┌─ DATA SHOWN

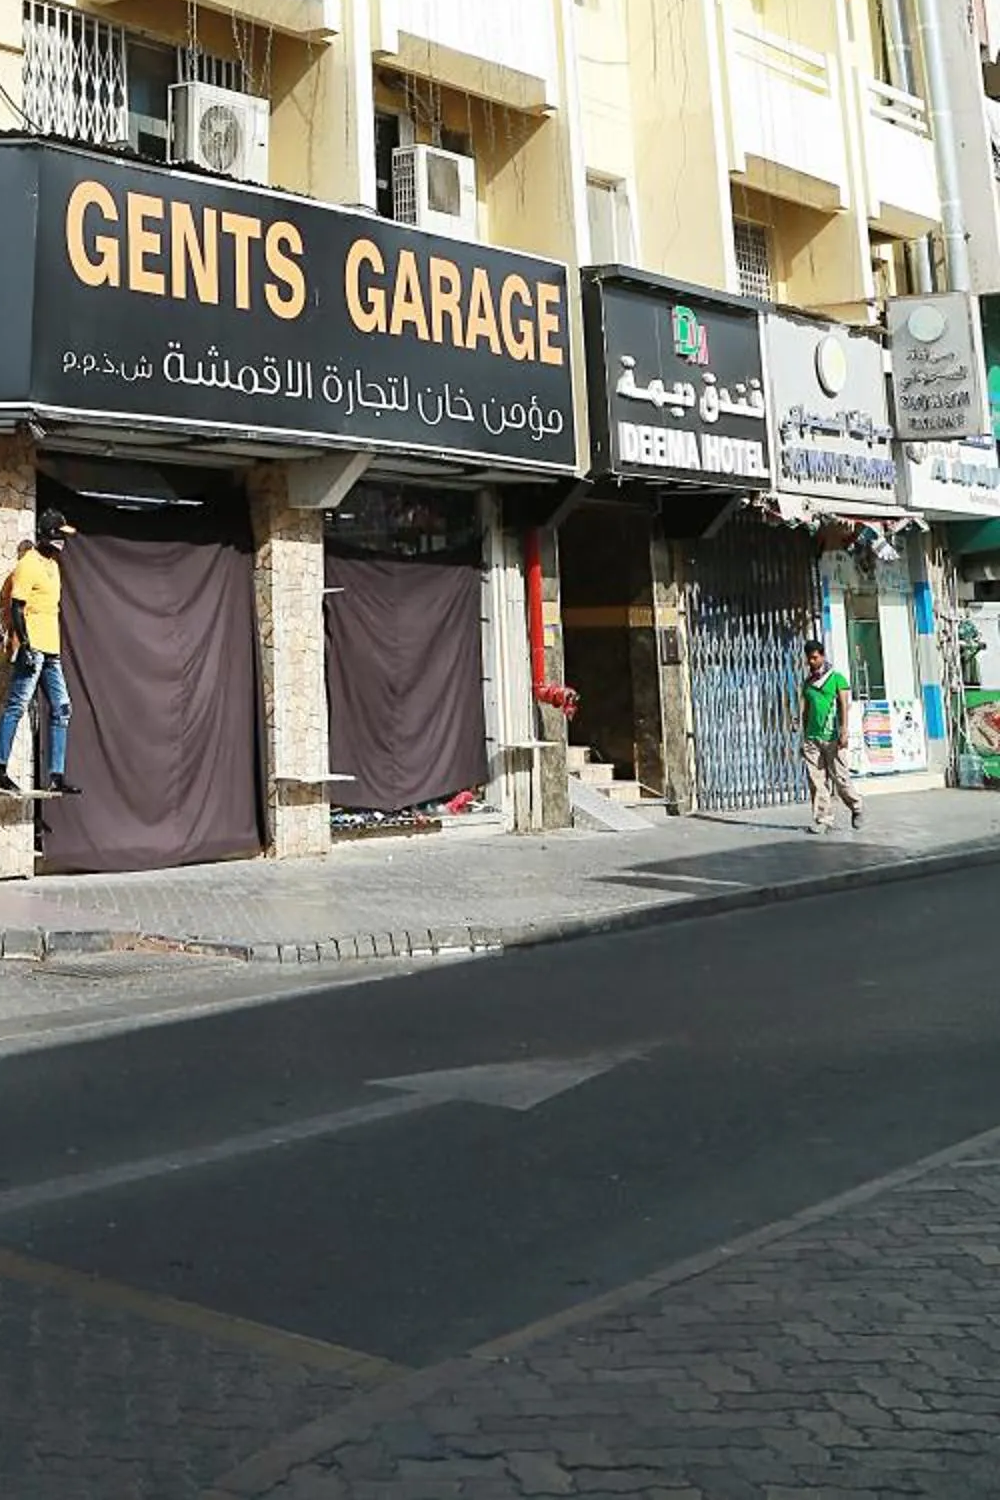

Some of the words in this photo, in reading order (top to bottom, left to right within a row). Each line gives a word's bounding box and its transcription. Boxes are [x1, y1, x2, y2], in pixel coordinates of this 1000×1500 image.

[65, 180, 306, 320] GENTS
[344, 238, 564, 366] GARAGE
[162, 341, 313, 400] الاقمشة
[322, 364, 410, 417] لتجارة
[616, 355, 696, 418] ديمة
[700, 372, 765, 423] فندق
[417, 384, 475, 425] خان
[481, 395, 564, 441] مؤمن
[618, 421, 700, 471] DEEMA
[701, 432, 770, 479] HOTEL
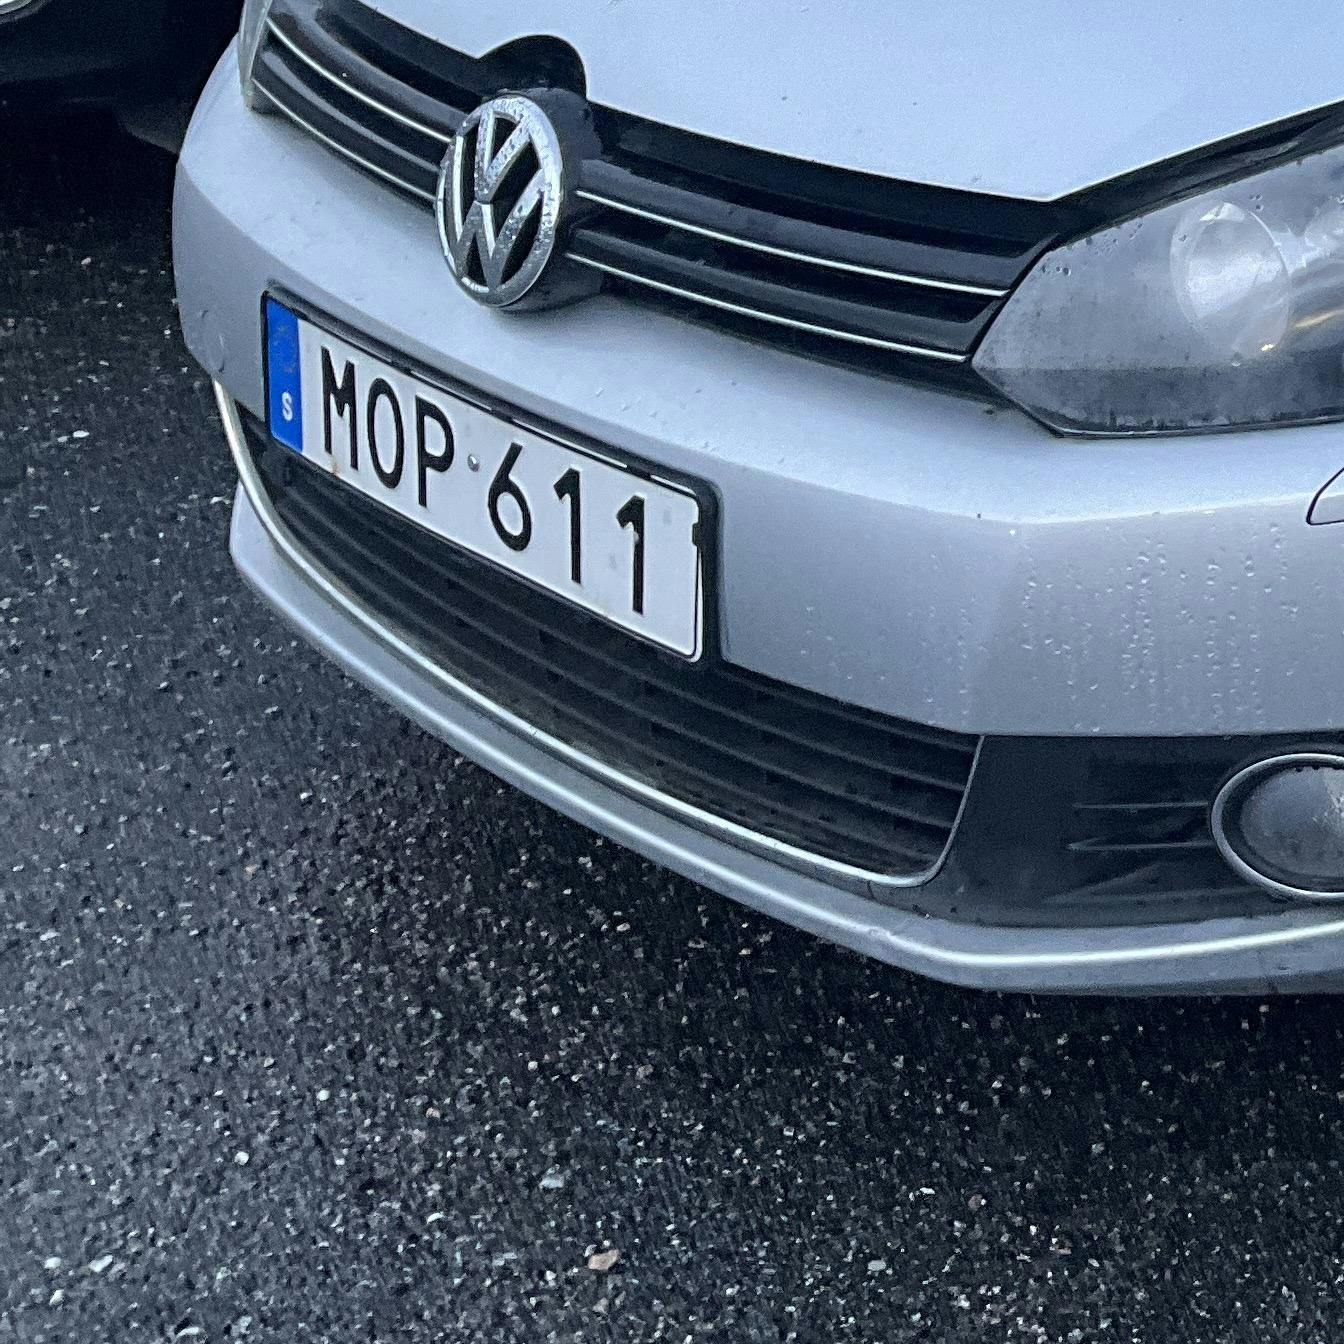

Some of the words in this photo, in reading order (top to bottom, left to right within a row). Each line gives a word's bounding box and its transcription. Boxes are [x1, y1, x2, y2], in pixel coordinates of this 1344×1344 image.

[281, 391, 293, 421] S
[321, 346, 455, 507] MOP
[488, 442, 645, 615] 611

└─

» PROBLEM TO WORK ON
Restate the entries above word for word, minus the pictures.

» ANSWER BOX
Some of the words in this photo, in reading order (top to bottom, left to right within a row). Each line gives a word's bounding box and its transcription. Boxes are [x1, y1, x2, y2], in pixel coordinates of this 1000×1500 image.

[65, 180, 306, 320] GENTS
[344, 238, 564, 366] GARAGE
[162, 341, 313, 400] الاقمشة
[322, 364, 410, 417] لتجارة
[616, 355, 696, 418] ديمة
[700, 372, 765, 423] فندق
[417, 384, 475, 425] خان
[481, 395, 564, 441] مؤمن
[618, 421, 700, 471] DEEMA
[701, 432, 770, 479] HOTEL

Some of the words in this photo, in reading order (top to bottom, left to right within a row). Each line gives a word's bounding box and its transcription. Boxes are [x1, y1, x2, y2], in pixel coordinates of this 1344×1344 image.

[281, 391, 293, 421] S
[321, 346, 455, 507] MOP
[488, 442, 645, 615] 611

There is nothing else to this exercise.